8

Why is Rust the Most Loved Programming Language?

 3 years ago
source link: https://matklad.github.io/2020/02/14/why-rust-is-loved.html
Go to the source link to view the article. You can view the picture content, updated content and better typesetting reading experience. If the link is broken, please click the button below to view the snapshot at that time.
neoserver,ios ssh client

Why is Rust the Most Loved Programming Language?

Feb 14, 2020

... by me?

Rust is my favorite programming language (other languages I enjoy are Kotlin and Python). In this post I want to explain why I, somewhat irrationally, find this language so compelling. The post does not try to explain why Rust is the most loved language according to StackOverflow survey :-)

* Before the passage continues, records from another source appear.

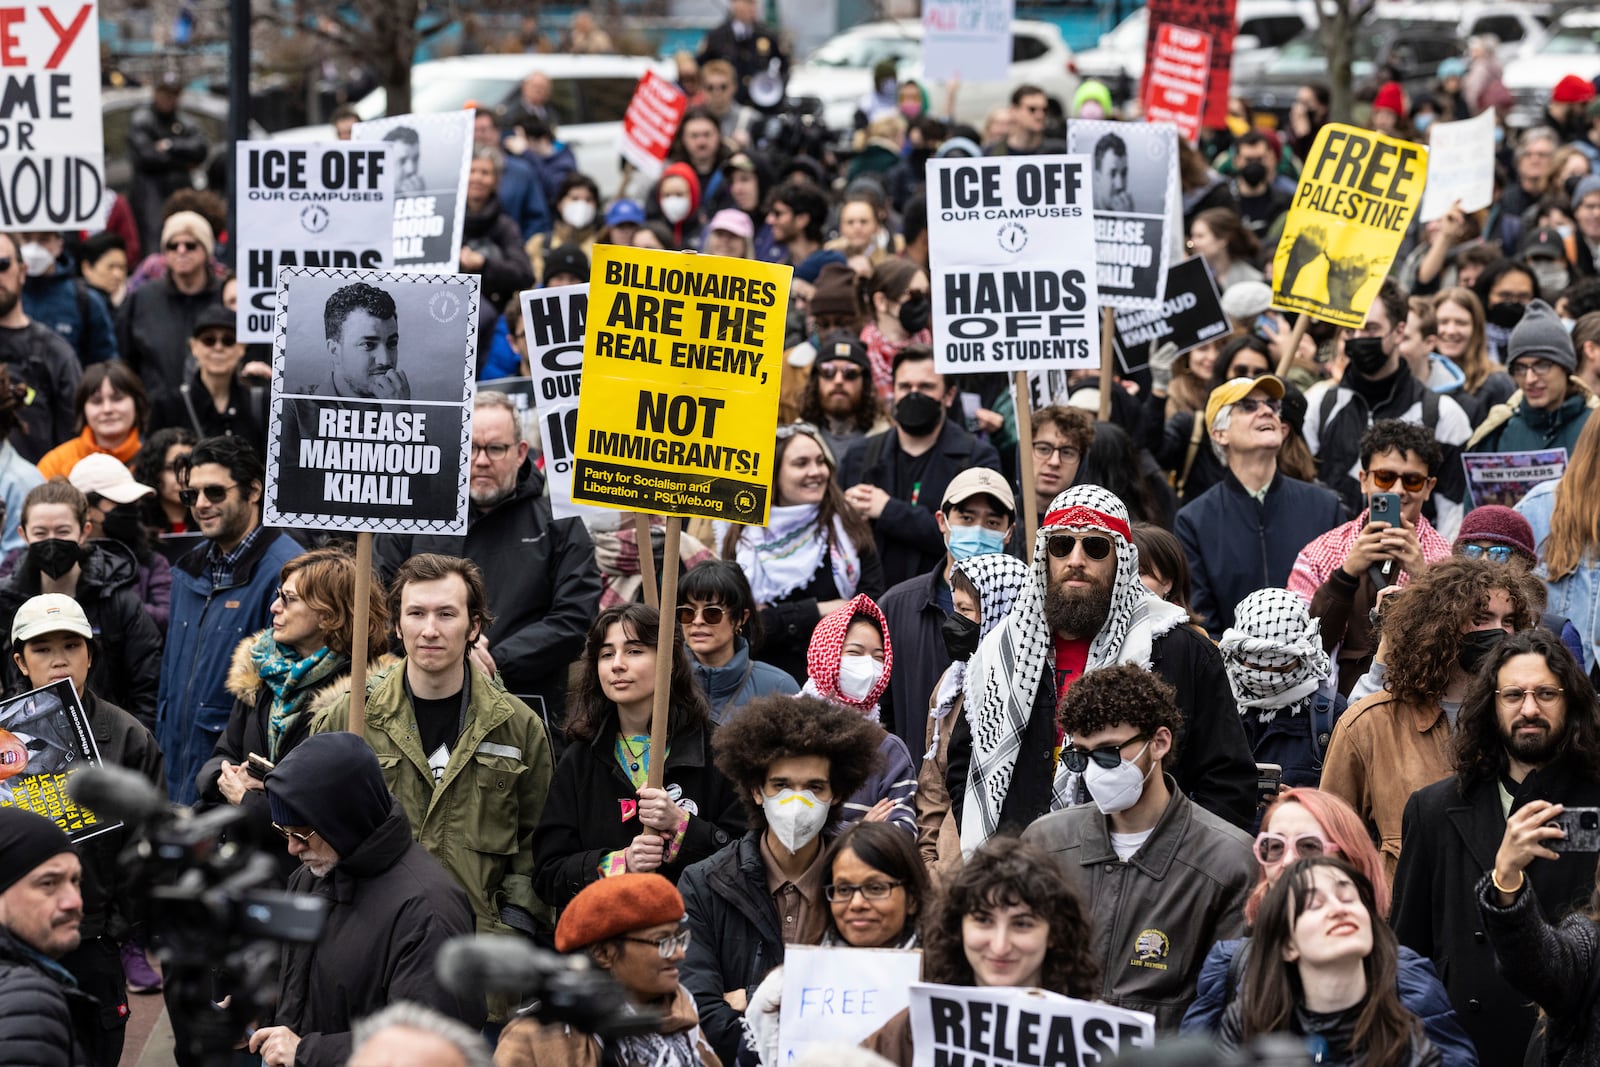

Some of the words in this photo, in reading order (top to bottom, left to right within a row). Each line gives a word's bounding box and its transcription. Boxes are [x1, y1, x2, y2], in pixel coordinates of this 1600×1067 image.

[249, 150, 307, 189] ICE
[321, 150, 385, 190] OFF
[1312, 130, 1418, 203] FREE
[0, 156, 101, 225] OUD
[248, 191, 285, 201] OUR
[288, 191, 384, 201] CAMPUSES
[939, 165, 1003, 209] ICE
[1016, 163, 1082, 207] OFF
[394, 196, 437, 219] EASE
[941, 210, 980, 222] OUR
[984, 207, 1083, 220] CAMPUSES
[1297, 182, 1408, 232] PALESTINE
[605, 260, 777, 307] BILLIONAIRES
[944, 269, 1087, 315] HANDS
[248, 314, 275, 333] OU
[606, 292, 685, 337] ARE
[696, 303, 767, 348] THE
[948, 314, 1085, 339] OFF
[596, 331, 663, 365] REAL
[670, 342, 768, 385] ENEMY,
[946, 342, 985, 362] OUR
[992, 339, 1089, 361] STUDENTS
[318, 408, 426, 442] RELEASE
[636, 389, 726, 439] NOT
[299, 438, 441, 475] MAHMOUD
[587, 429, 760, 476] IMMIGRANTS!
[323, 472, 413, 505] KHALIL
[585, 467, 613, 483] Party
[615, 471, 632, 484] for
[633, 474, 687, 492] Socialism
[689, 482, 711, 494] and
[1481, 470, 1504, 479] NEW
[1505, 468, 1554, 477] YORKERS
[583, 481, 639, 499] Liberation
[654, 491, 724, 511] PSLWeb.org
[38, 773, 63, 817] ACCEPT
[71, 820, 83, 830] A
[800, 987, 880, 1018] FREE

Additionally, this post does not cover the actual good reasons why one might want to use Rust. Briefly:

  • If you use C++ or C, Rust allows you to get roughly the same binary, but with compile-time guaranteed absence of undefined behavior. This is a big deal and the reason why Rust exists.

  • If you use a statically typed managed language (Java, C#, Go, etc), the benefit of Rust is a massive simplification of multithreaded programming: data races are eliminated at compile time. Additionally, you get the benefits of a lower level language (less RAM, less CPU, direct access to platform libraries) without paying as much cost as you would with C++. This is not free: you’ll pay with compile times and cognitive complexity, but it would be “why my code does not compile” complexity, rather than “why my heap is corrupted” complexity.

If you’d like to hear more about the above, this post will disappoint you :-)

It’s All the Small Things!

The reason why I irrationally like Rust is that it, subjectively, gets a lot of small details just right (or at least better than other languages I know). The rest of the post would be a laundry list of those things, but first I’d love to mention why I think Rust is the way it is.

First, it is a relatively young language, so it can have many “obviously good” things. For example, I feel like there’s a general consensus now that, by default, local variables should not be reassignable. This probably was much less obvious in the 90s, when today’s mainstream languages were designed.

Second, it does not try to maintain source/semantic compatibility with any existing language. Even if we think that const by default is a good idea, we can’t employ it in TypeScript, because it needs to stay compatible with JavaScript.

Third, (and this is a pure speculation on my part) I feel that the initial bunch of people who designed the language and its design principles just had an excellent taste!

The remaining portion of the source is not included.